▶ **WORK TO COMPLETE**: All records, exactly as written, minus the pictures: copy them out.

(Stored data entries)
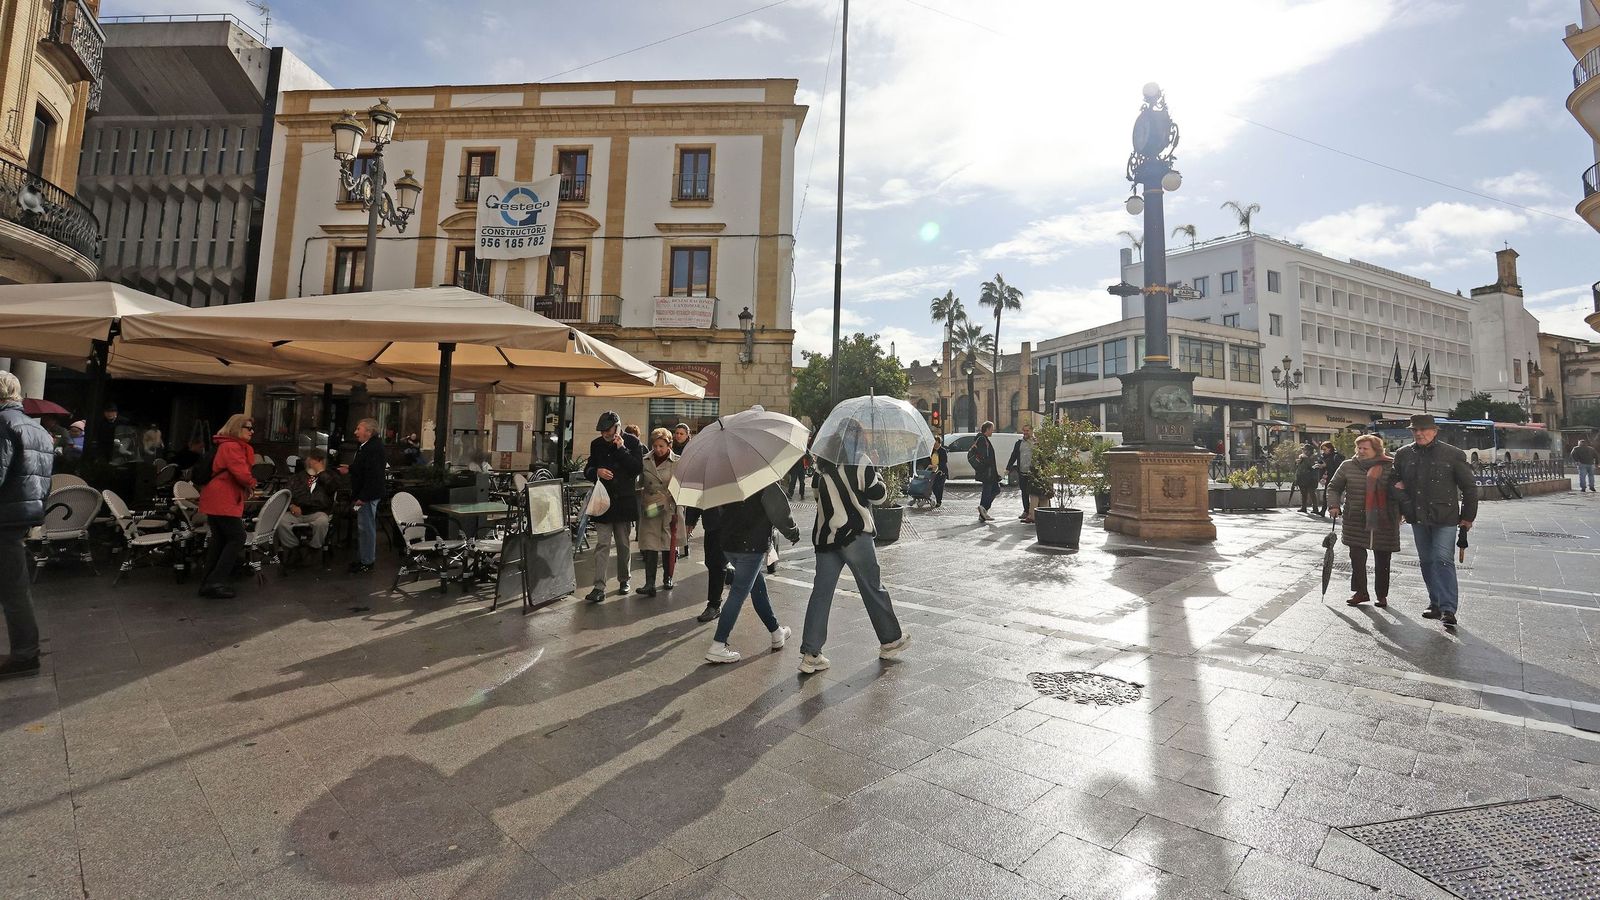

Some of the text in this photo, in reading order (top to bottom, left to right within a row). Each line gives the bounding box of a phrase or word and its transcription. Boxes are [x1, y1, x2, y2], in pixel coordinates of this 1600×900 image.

[485, 194, 550, 211] Gesteco
[481, 227, 546, 236] CONSTRUCTORA
[481, 236, 544, 248] 956 185 782
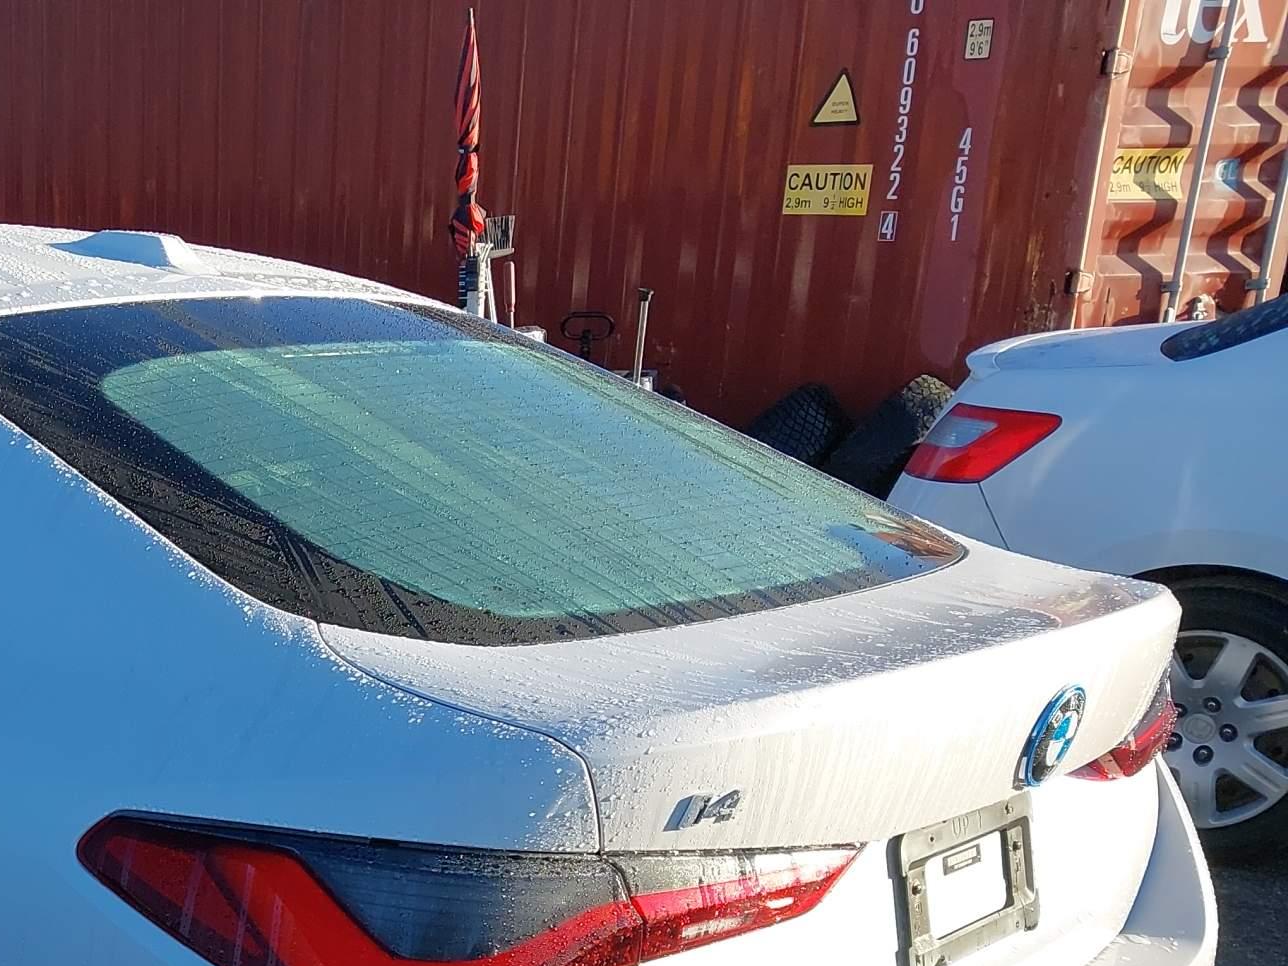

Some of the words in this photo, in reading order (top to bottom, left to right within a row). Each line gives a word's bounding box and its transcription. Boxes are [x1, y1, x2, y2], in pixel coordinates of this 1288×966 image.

[886, 28, 921, 200] 609322
[1112, 155, 1184, 174] CAUTION
[788, 172, 867, 191] CAUTION
[951, 127, 973, 241] 45G1
[838, 197, 864, 209] HIGH
[881, 213, 894, 240] 4
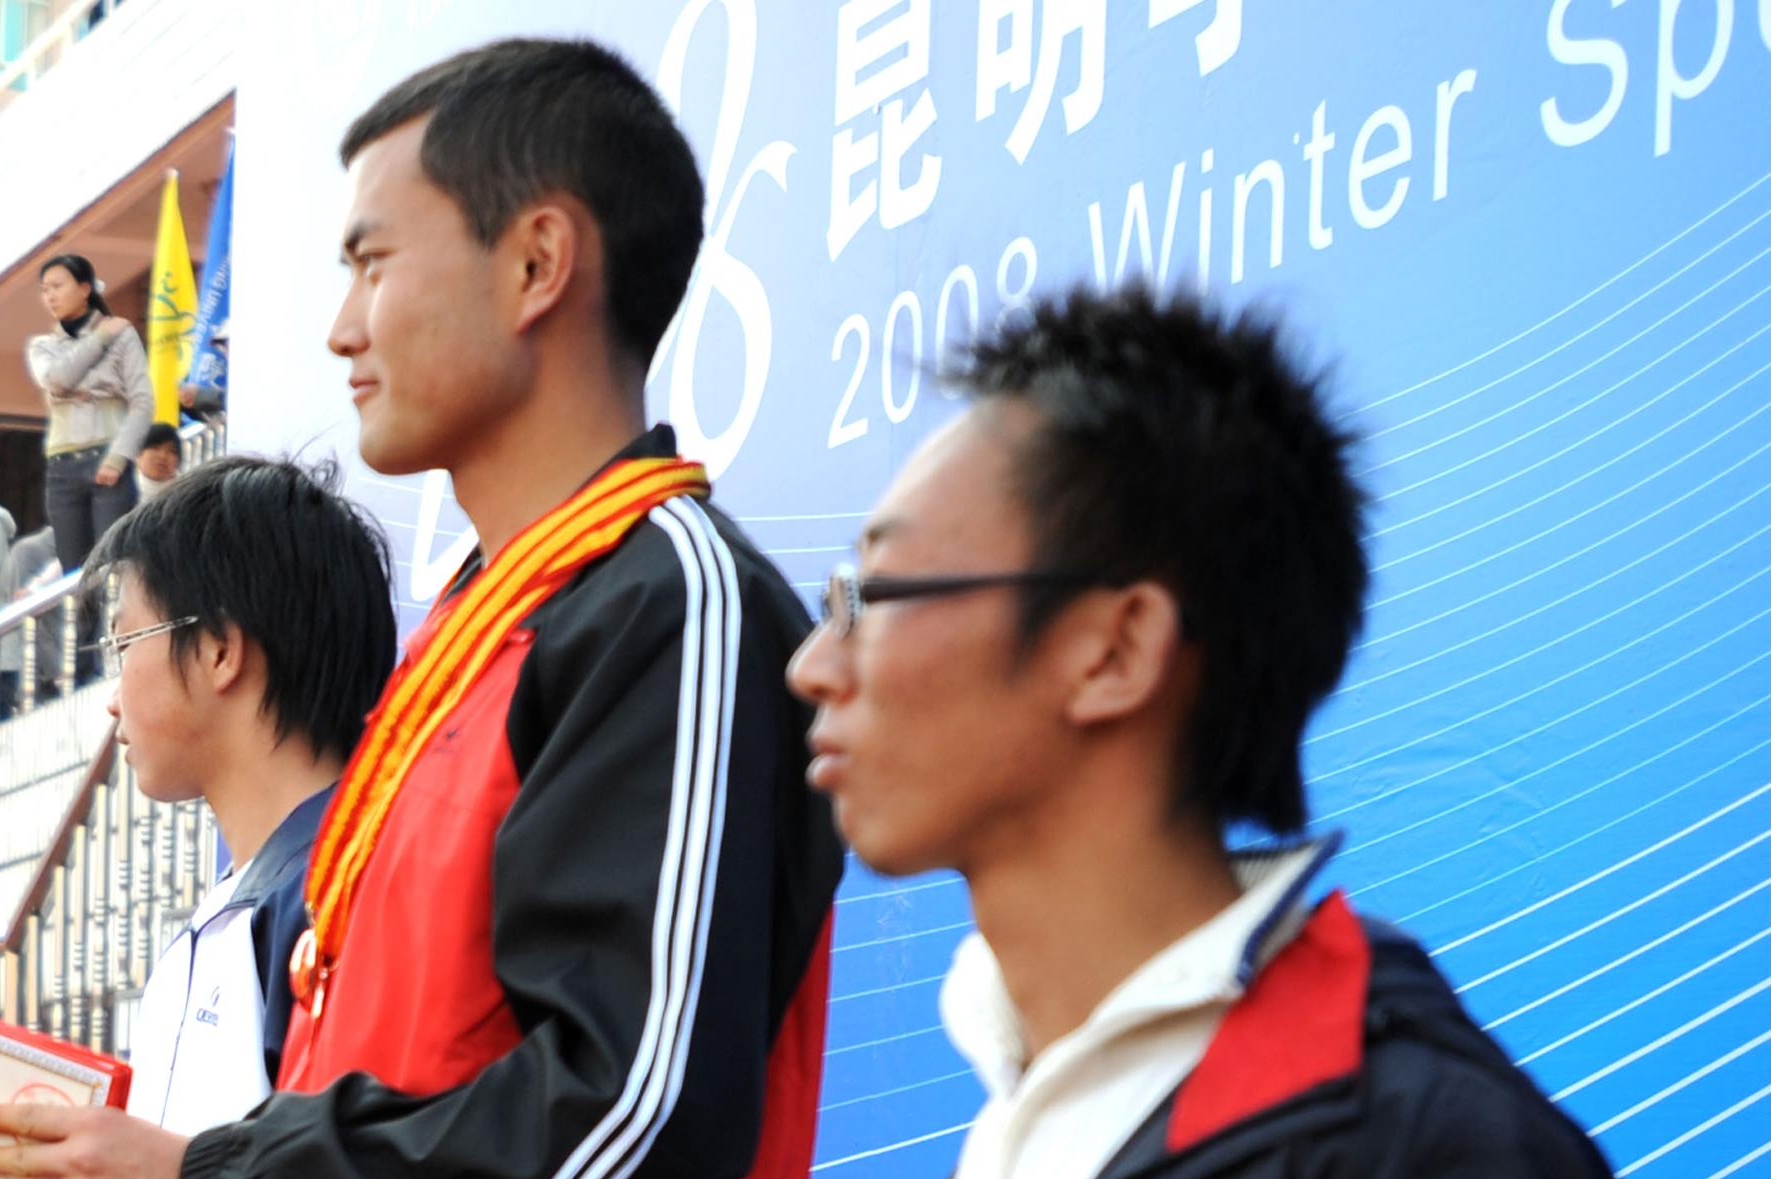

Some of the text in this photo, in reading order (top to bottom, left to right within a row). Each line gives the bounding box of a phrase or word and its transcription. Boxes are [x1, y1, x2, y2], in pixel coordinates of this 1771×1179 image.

[826, 0, 1243, 263] 昆明
[1087, 68, 1478, 304] Winter
[1539, 0, 1771, 158] Sp

▶ **PROBLEM SOLUTION**:
Some of the text in this photo, in reading order (top to bottom, left to right within a row). Each line gives the bounding box of a phrase or word and its transcription. Boxes are [x1, y1, x2, y2], in pixel coordinates of this 1600×900 image.

[485, 194, 550, 211] Gesteco
[481, 227, 546, 236] CONSTRUCTORA
[481, 236, 544, 248] 956 185 782

Some of the words in this photo, in reading order (top to bottom, left to right within a row). Each line gives a word's bounding box and its transcription. Boxes are [x1, y1, x2, y2], in pixel coordinates of this 1288×966 image.

[886, 28, 921, 200] 609322
[1112, 155, 1184, 174] CAUTION
[788, 172, 867, 191] CAUTION
[951, 127, 973, 241] 45G1
[838, 197, 864, 209] HIGH
[881, 213, 894, 240] 4

Some of the text in this photo, in reading order (top to bottom, left to right within a row). Each line gives the bounding box of a phrase or word and its transcription. Boxes are [x1, y1, x2, y2], in pixel coordinates of this 1771×1179 image.

[826, 0, 1243, 263] 昆明
[1087, 68, 1478, 304] Winter
[1539, 0, 1771, 158] Sp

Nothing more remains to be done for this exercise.